DelegatingFilterProxy允许在 Servlet 容器的生命周期和 Spring 的 ApplicationContext 之间建立桥梁。Servlet容器允许通过使用自己的标准来注册 Filter 实例,但Servlet容器不知道 Spring 定义的 Bean。因此大多数情况下我们通过标准的Servlet容器机制来注册 DelegatingFilterProxy,但将所有工作委托给实现 Filter 的Spring Bean。

Spring Security会自动向Servlet容器机制注册 DelegatingFilterProxy ,无需我们手动去注册

FilterChainProxy

FilterChainProxy :是 Spring Security 提供的一个特殊的 Filter,允许通过 SecurityFilterChain 委托给许多 Filter 实例。由于 FilterChainProxy 是一个Spring Bean,因此它被包含在 DelegatingFilterProxy 中。

SecurityFilterChain

SecurityFilterChain :是FilterChainProxy用来确定当前请求应该调用哪些Spring Security Filter 实例的过滤器链。
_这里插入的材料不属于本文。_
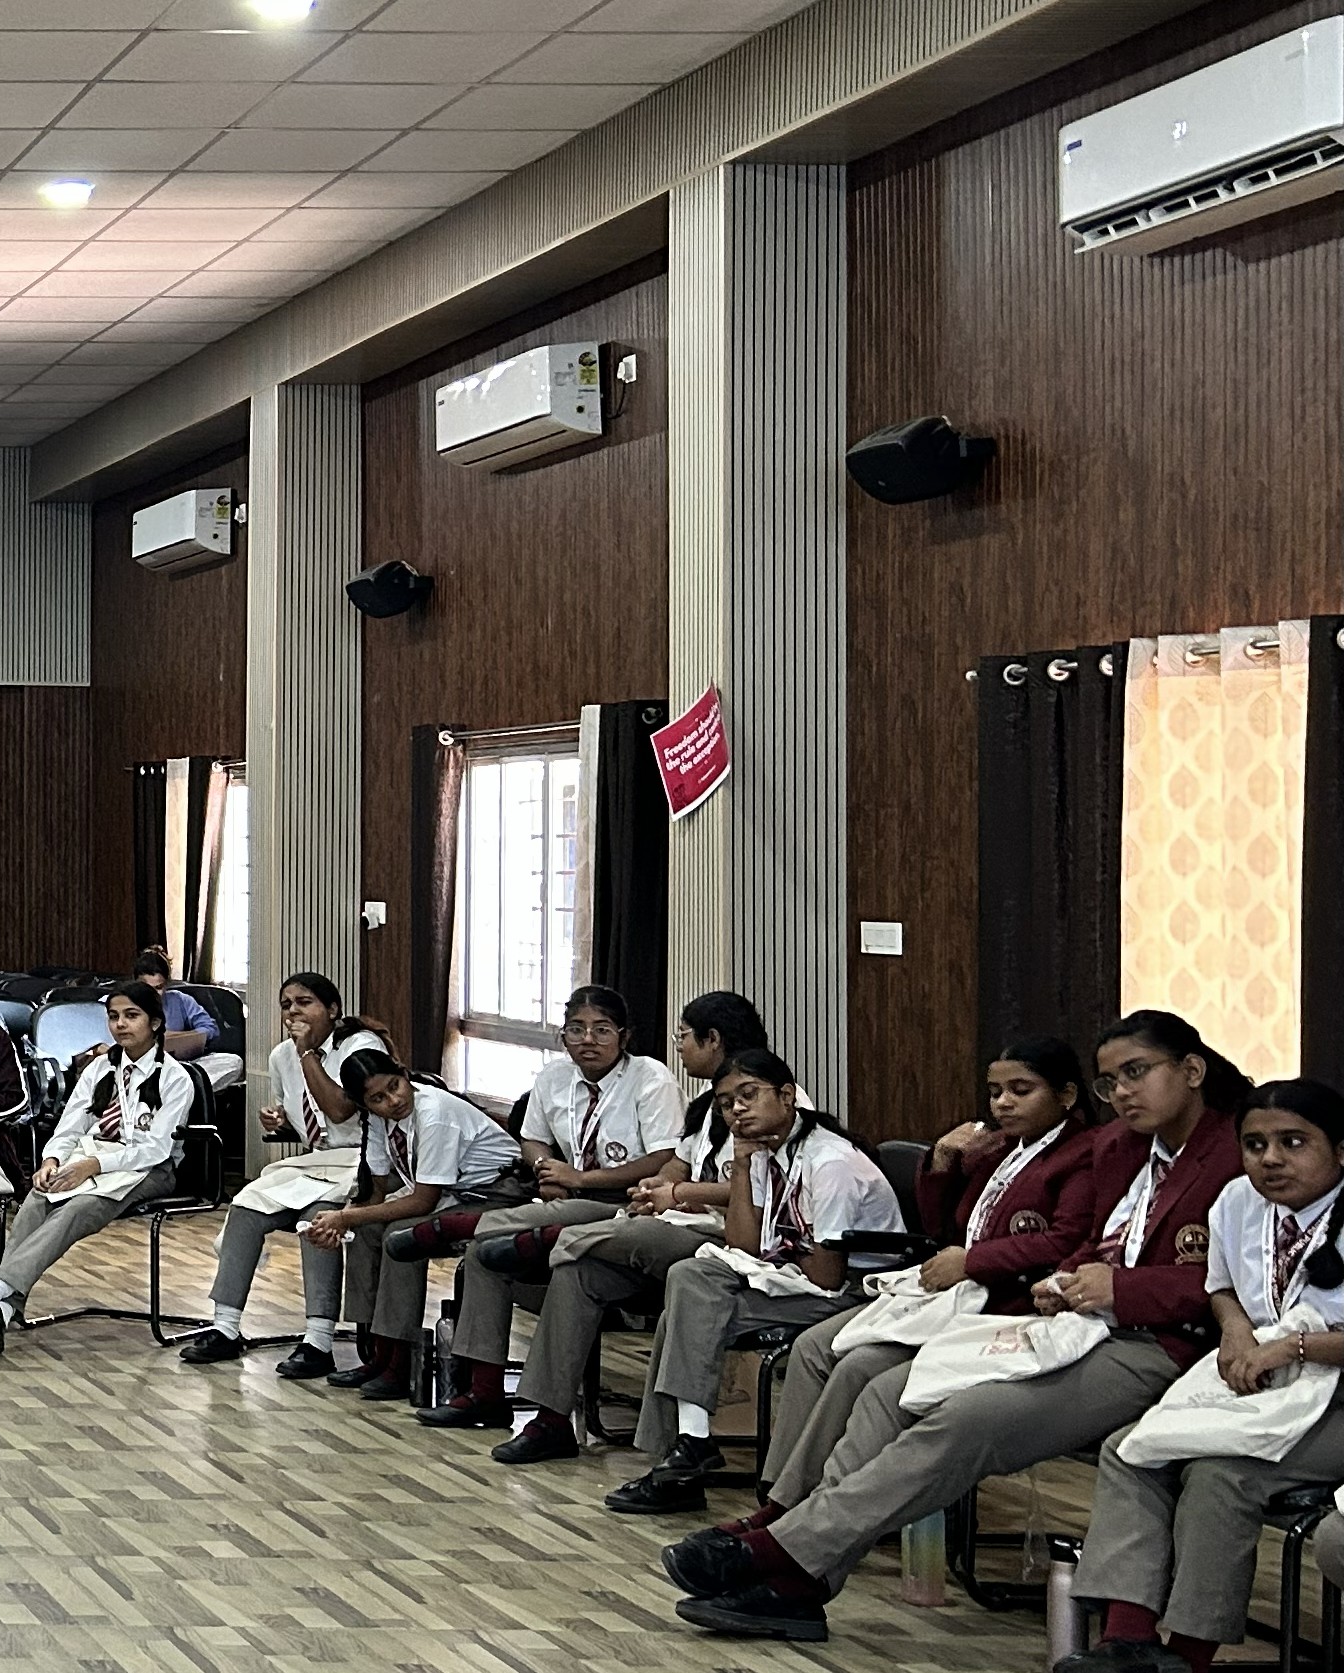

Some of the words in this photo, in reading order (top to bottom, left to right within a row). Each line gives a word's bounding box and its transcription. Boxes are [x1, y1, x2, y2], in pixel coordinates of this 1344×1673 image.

SecurityFilterChain 中的 Security Filter 一般都是Spring Bean,但这些Security Filter是用 FilterChainProxy 进行注册,而不是通过DelegatingFilterProxy注册。与直接向Servlet容器或 DelegatingFilterProxy 注册相比,FilterChainProxy 有很多优势。

  • 首先,由于 FilterChainProxy 是 Spring Security 使用的核心,它可以处理一些必须要做的事情。 例如:
    • 清除 SecurityContext 以避免内存泄漏。
    • 应用Spring Security的 HttpFirewall 来保护应用程序免受某些类型的攻击。
  • 其次,它在确定何时应该调用 SecurityFilterChain 方面提供了更大的灵活性。在Servlet容器中,Filter 实例仅基于URL被调用。 然而,FilterChainProxy 可以通过使用 RequestMatcher 接口,根据 HttpServletRequest 中的任何内容确定调用。

图的右边部分是存在多个SecurityFilterChain, FilterChainProxy 的匹配策略则是匹配第一个满足的 SecurityFilterChain

比如,请求的URL是 /api/messages/,它首先与 /api/** 的 SecurityFilterChain 0 模式匹配,所以只有 SecurityFilterChain0 被调用;虽然它也与 SecurityFilterChain n 匹配。

如果请求的URL是 /messages/,它与 /api/** 的 SecurityFilterChain 0 模式不匹配,所以 FilterChainProxy 继续尝试每个 SecurityFilterChain。如果没有其他 SecurityFilterChain 实例相匹配,则调用 SecurityFilterChain n

SecurityFilter

SecurityFilter:是指通过SecurityFilterChain 插入 FilterChainProxy 中的 Filter。 这些 Filter 可以用于许多不同的目的,如 认证、 授权、 漏洞保护等。Filter 是按照特定的顺序执行的,以保证它们在正确的时间被调用。

例如,执行认证的 Filter 应该在执行授权的 Filter 之前被调用。如果想要知道 Spring Security 的 Filter 的顺序,可以查看 FilterOrderRegistration 源码。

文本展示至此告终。